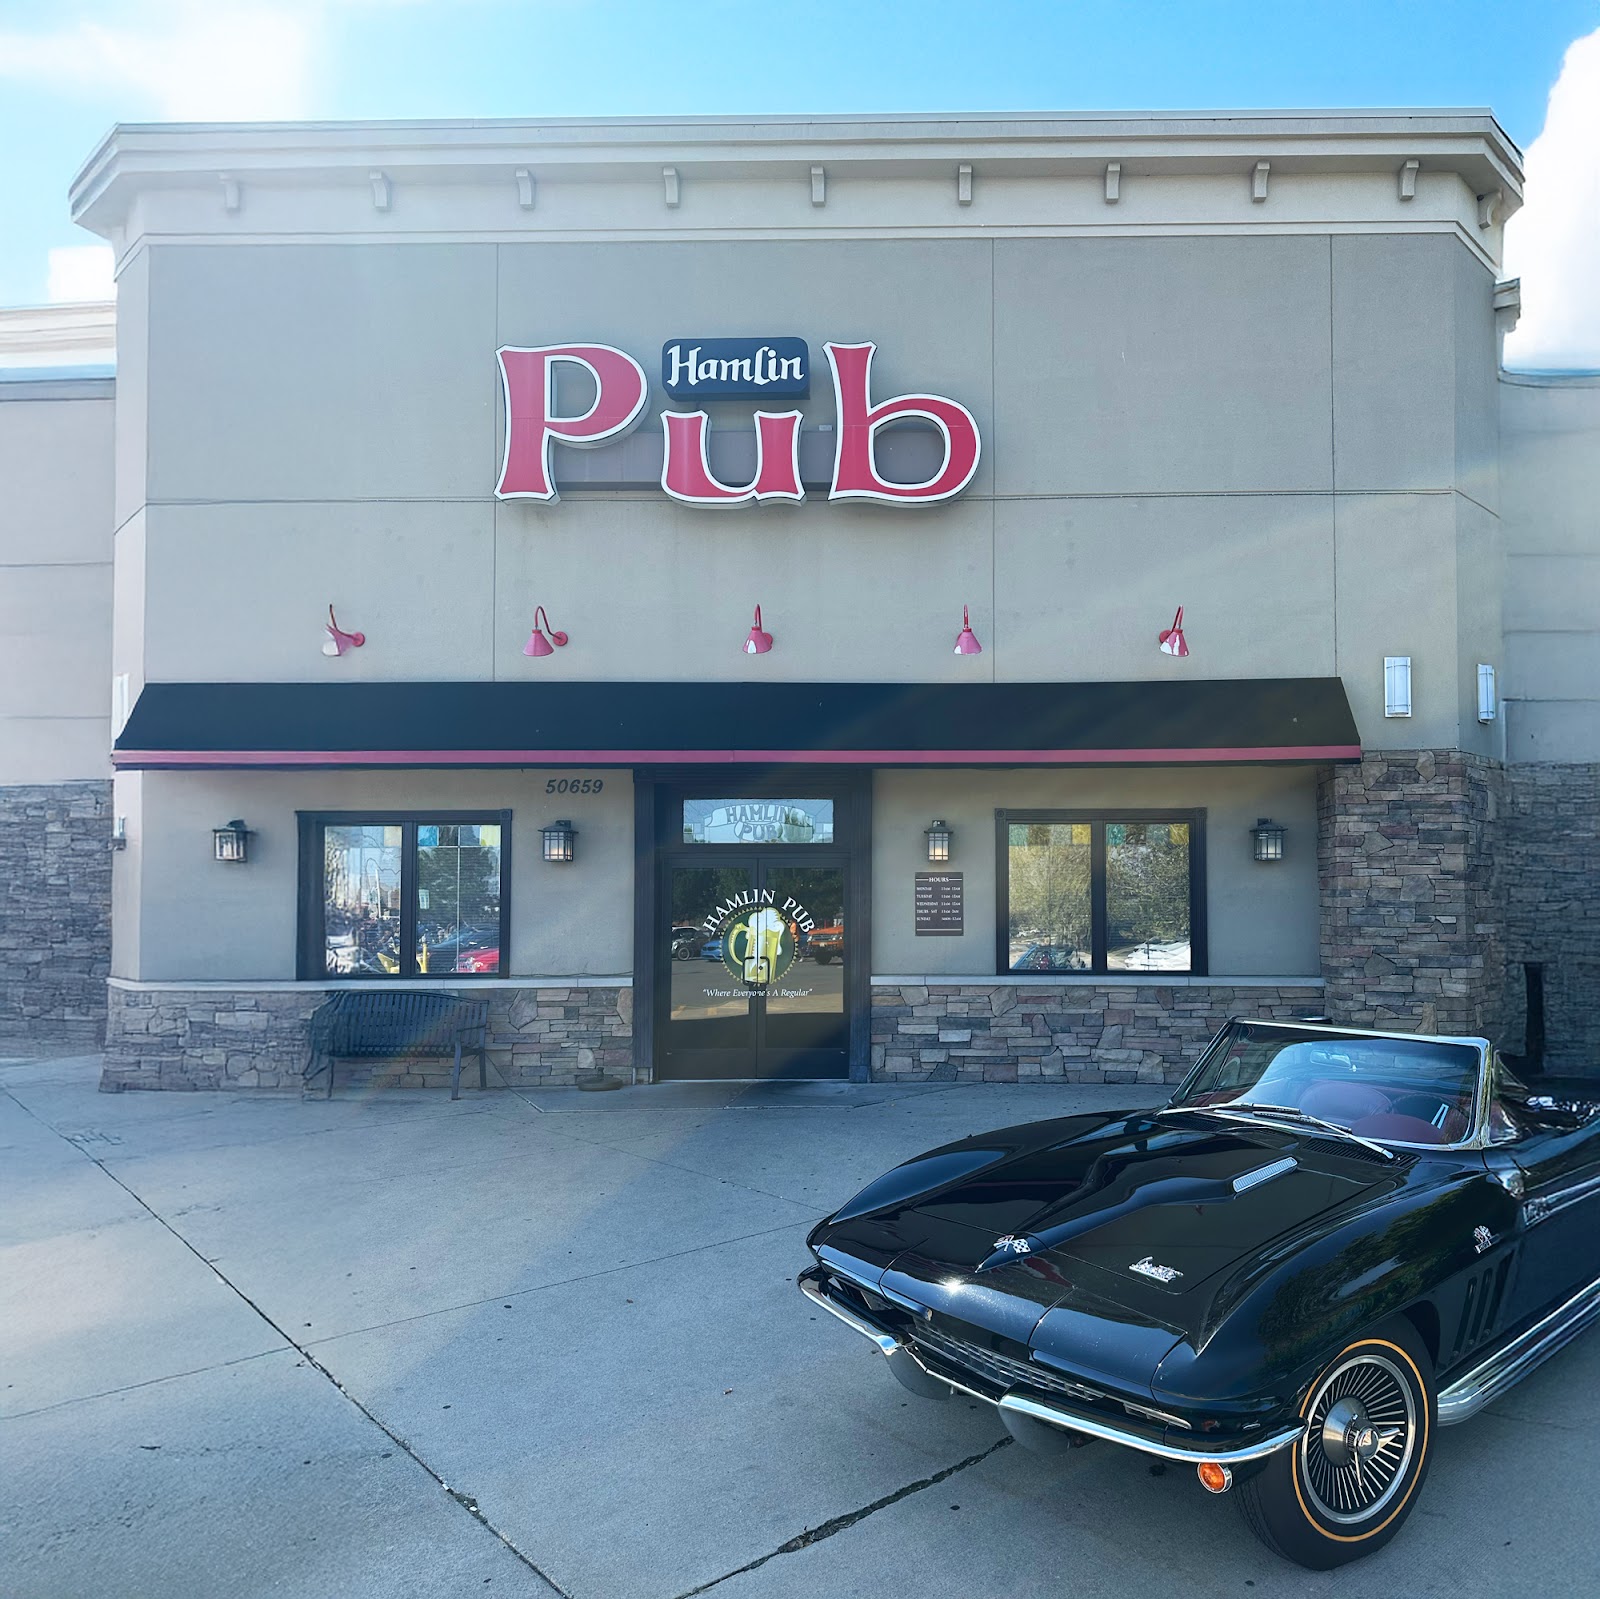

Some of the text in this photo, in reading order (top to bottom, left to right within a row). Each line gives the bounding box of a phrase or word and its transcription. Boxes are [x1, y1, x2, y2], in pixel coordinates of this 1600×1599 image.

[666, 344, 805, 387] Hamlin
[493, 340, 982, 504] Pub
[545, 779, 604, 794] 50659
[725, 804, 793, 824] HAMLIN
[740, 822, 777, 841] PUB
[702, 888, 816, 934] HAMLIN PUB
[732, 988, 771, 998] Everyone's
[772, 989, 779, 997] A
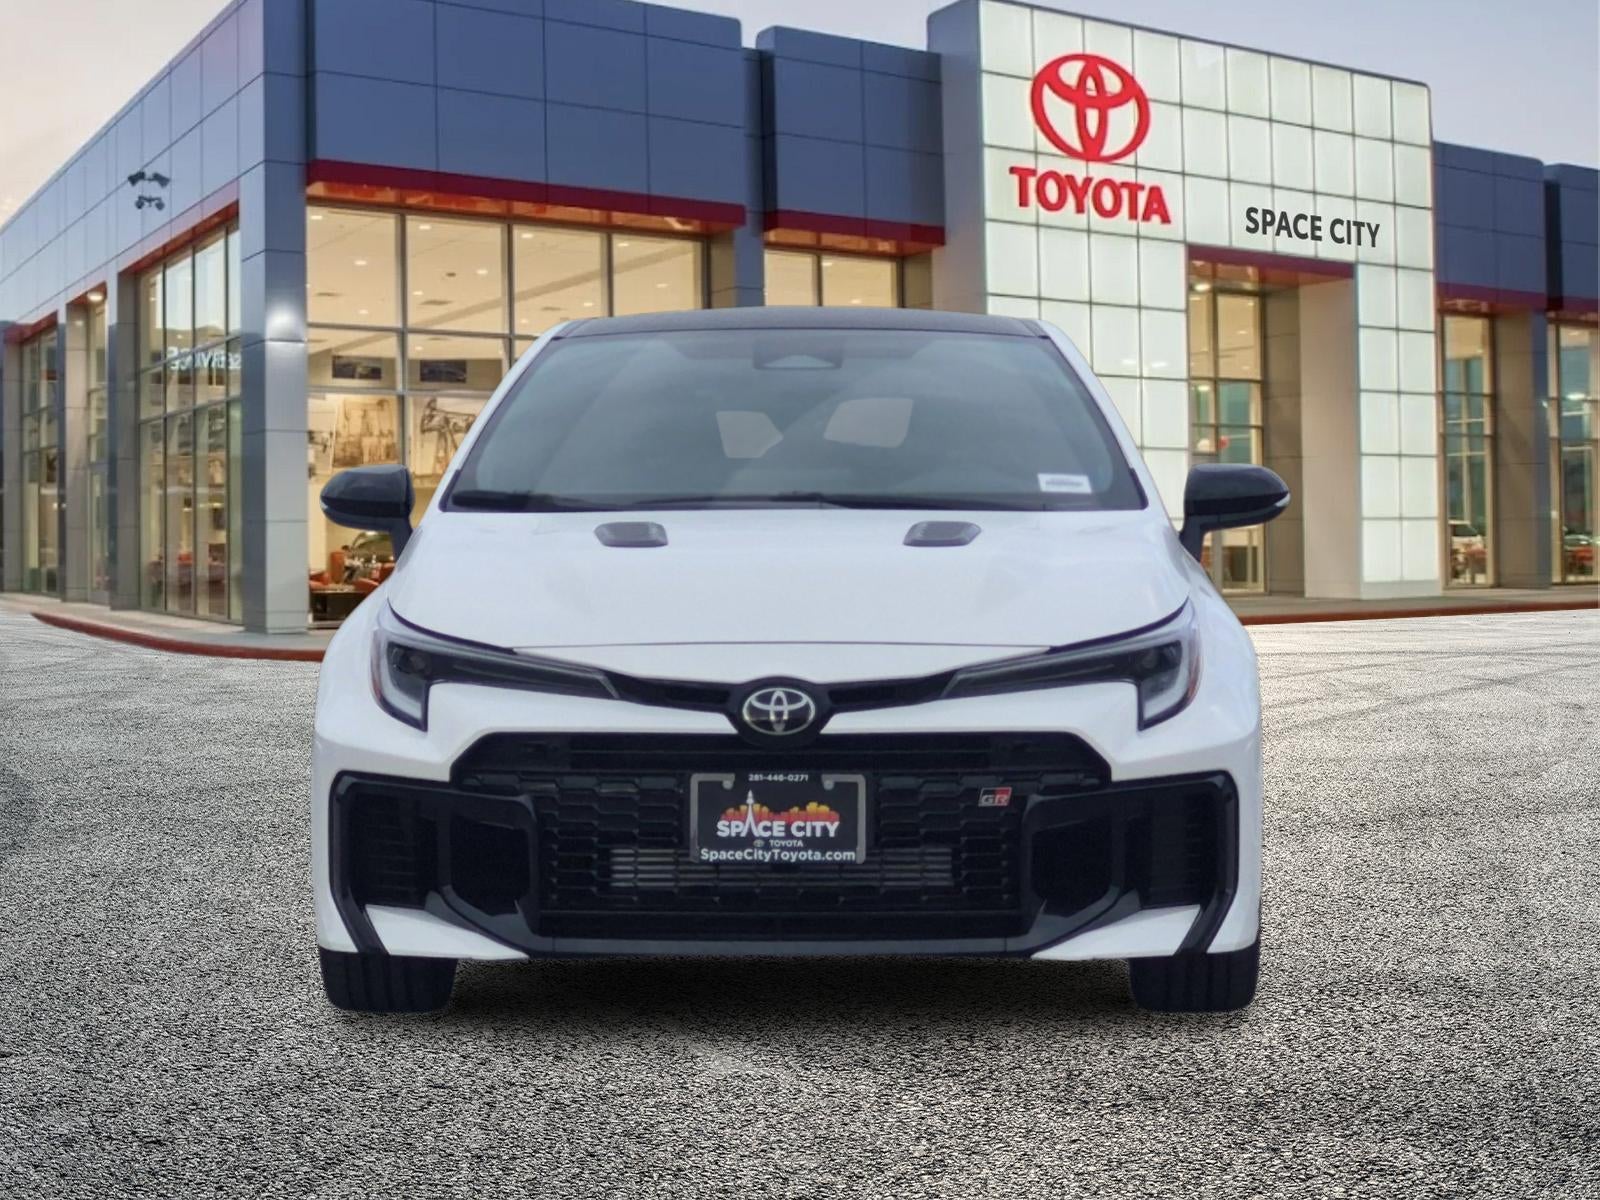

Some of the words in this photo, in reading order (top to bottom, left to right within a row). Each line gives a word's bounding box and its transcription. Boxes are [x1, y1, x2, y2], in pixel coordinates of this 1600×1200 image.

[1009, 166, 1171, 225] TOYOTA
[1245, 207, 1322, 241] SPACE
[1329, 219, 1380, 248] CITY
[981, 794, 1010, 807] GR
[716, 803, 785, 838] SPACE
[790, 821, 840, 838] CITY
[700, 848, 856, 862] SpaceCityToyota.com
[769, 839, 804, 848] TOYOTA
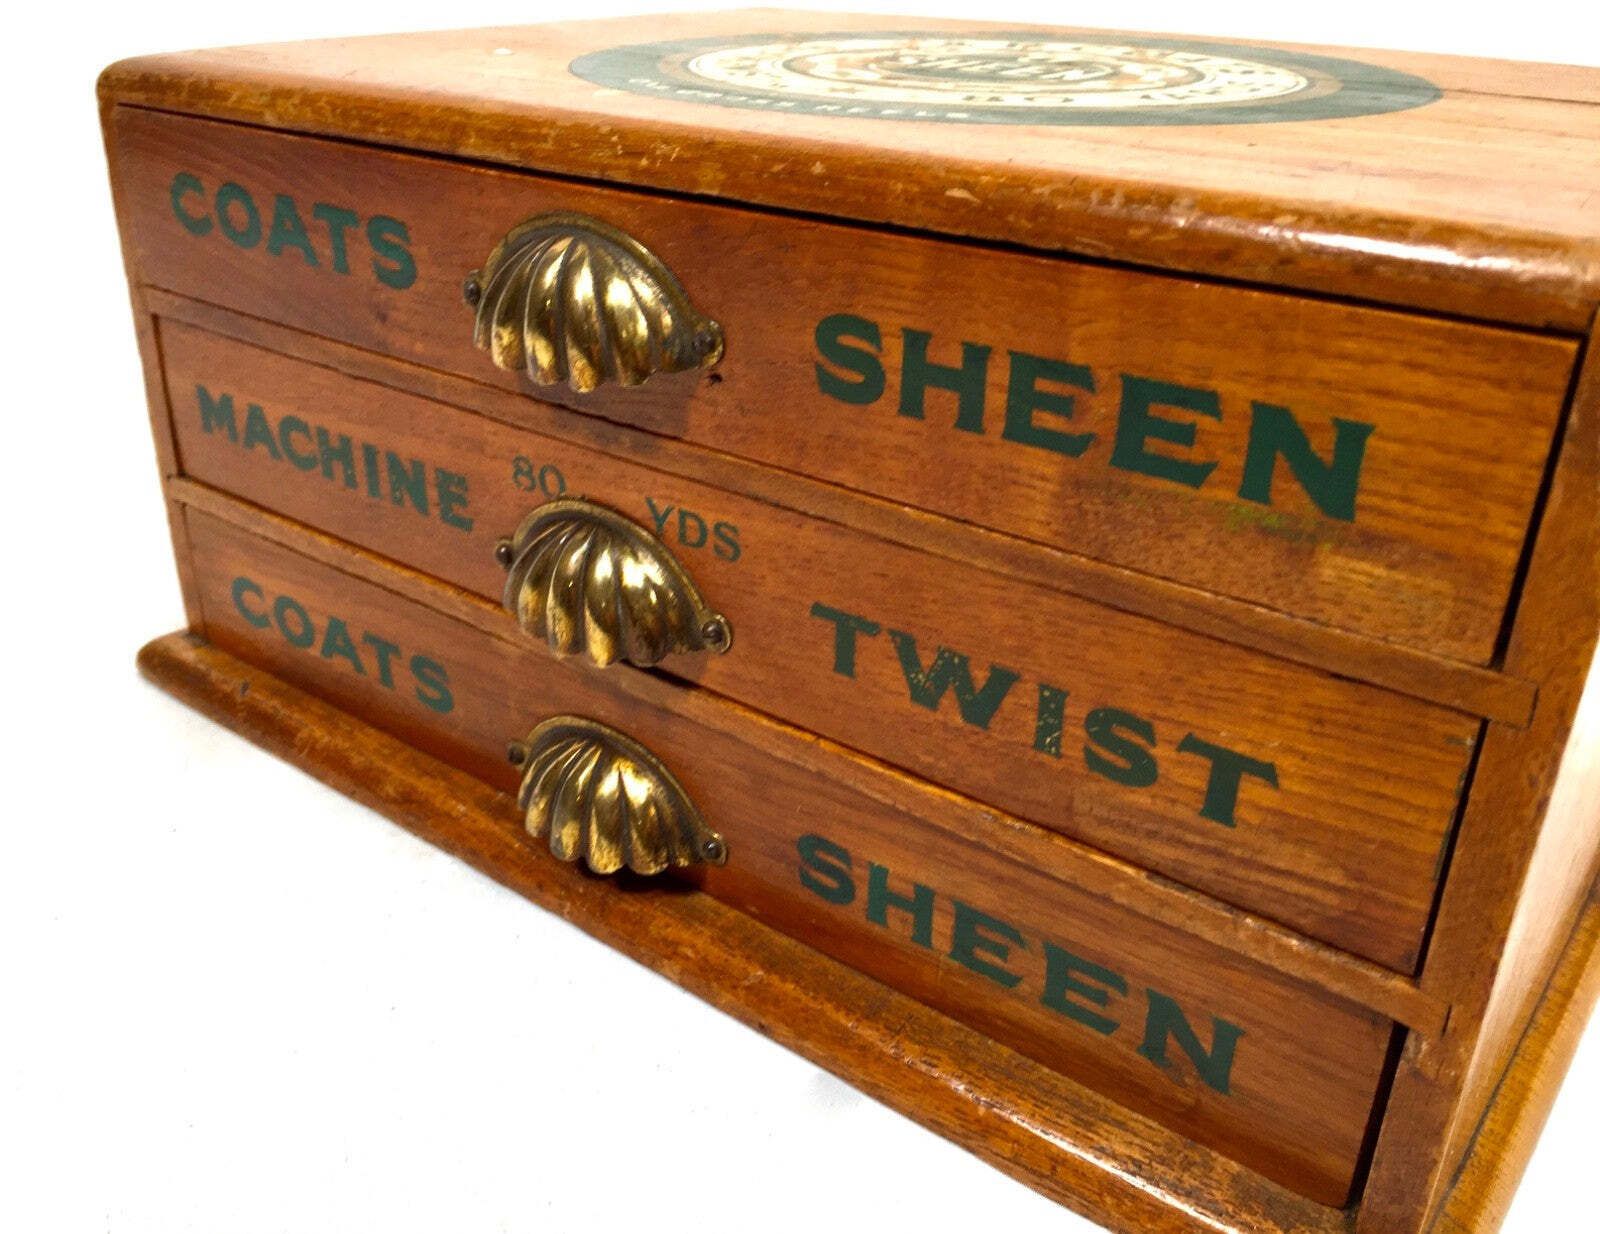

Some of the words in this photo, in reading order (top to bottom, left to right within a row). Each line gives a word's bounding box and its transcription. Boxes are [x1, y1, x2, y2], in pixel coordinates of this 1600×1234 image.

[169, 171, 418, 290] COATS
[813, 312, 1376, 524] SHEEN
[511, 454, 567, 499] 80
[645, 496, 742, 564] YDS
[195, 383, 474, 534] MACHINE
[809, 601, 1280, 829] TWIST
[231, 576, 456, 714] COATS
[795, 832, 1248, 1096] SHEEN
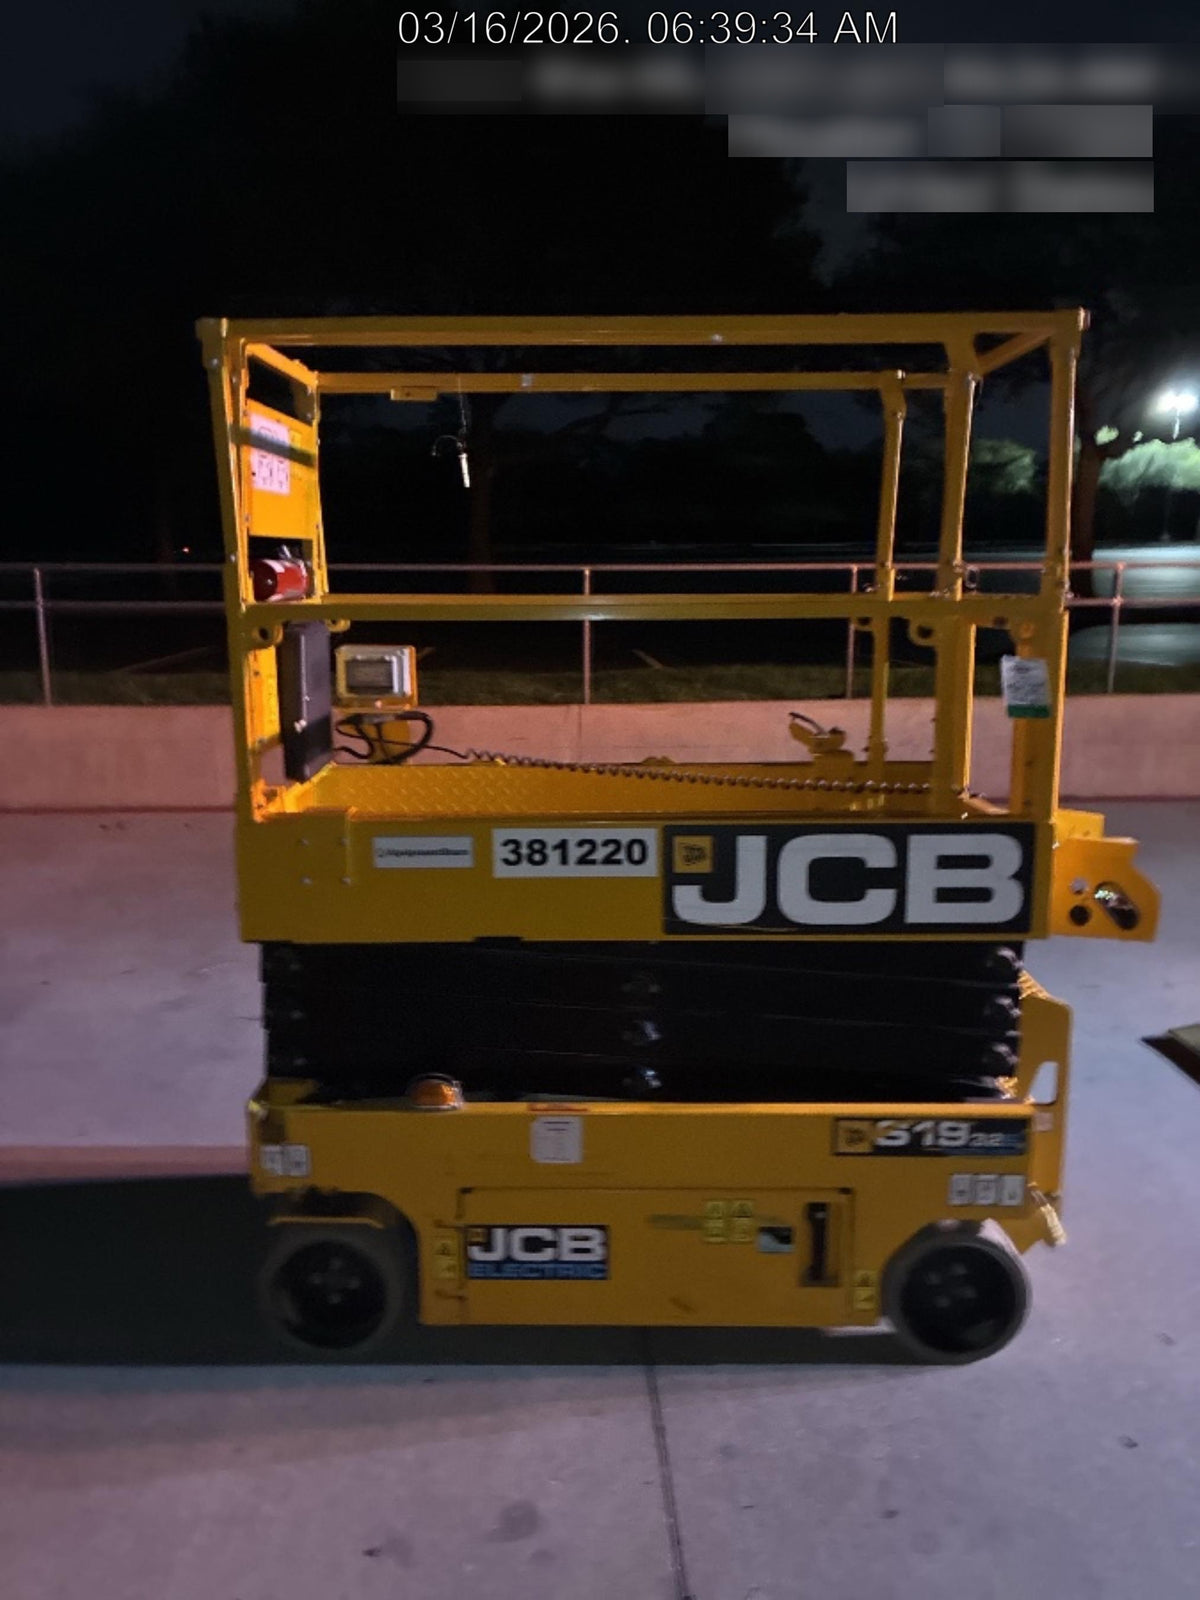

::::::::

» REQUIRED WORK
Restate the listing word for word, pictures excluded.

» PROBLEM SOLUTION
Some of the text in this photo, in reading order (top to bottom, left to right within a row). Each line gives the bounding box of a phrase or word and its transcription. Boxes are [x1, y1, x2, y2], in pixel coordinates of this 1600×1599 image.

[666, 344, 805, 387] Hamlin
[493, 340, 982, 504] Pub
[545, 779, 604, 794] 50659
[725, 804, 793, 824] HAMLIN
[740, 822, 777, 841] PUB
[702, 888, 816, 934] HAMLIN PUB
[732, 988, 771, 998] Everyone's
[772, 989, 779, 997] A

Some of the words in this photo, in reading order (top to bottom, left to right within a row). Each line gives a word's bounding box and its transcription. Boxes are [x1, y1, x2, y2], in pixel coordinates of this 1600×1200 image.

[1009, 166, 1171, 225] TOYOTA
[1245, 207, 1322, 241] SPACE
[1329, 219, 1380, 248] CITY
[981, 794, 1010, 807] GR
[716, 803, 785, 838] SPACE
[790, 821, 840, 838] CITY
[700, 848, 856, 862] SpaceCityToyota.com
[769, 839, 804, 848] TOYOTA

Some of the words in this photo, in reading order (top to bottom, left to right within a row). Each line gives a word's bounding box and its transcription. Boxes are [x1, y1, x2, y2], in pixel coordinates of this 1600×1234 image.

[169, 171, 418, 290] COATS
[813, 312, 1376, 524] SHEEN
[511, 454, 567, 499] 80
[645, 496, 742, 564] YDS
[195, 383, 474, 534] MACHINE
[809, 601, 1280, 829] TWIST
[231, 576, 456, 714] COATS
[795, 832, 1248, 1096] SHEEN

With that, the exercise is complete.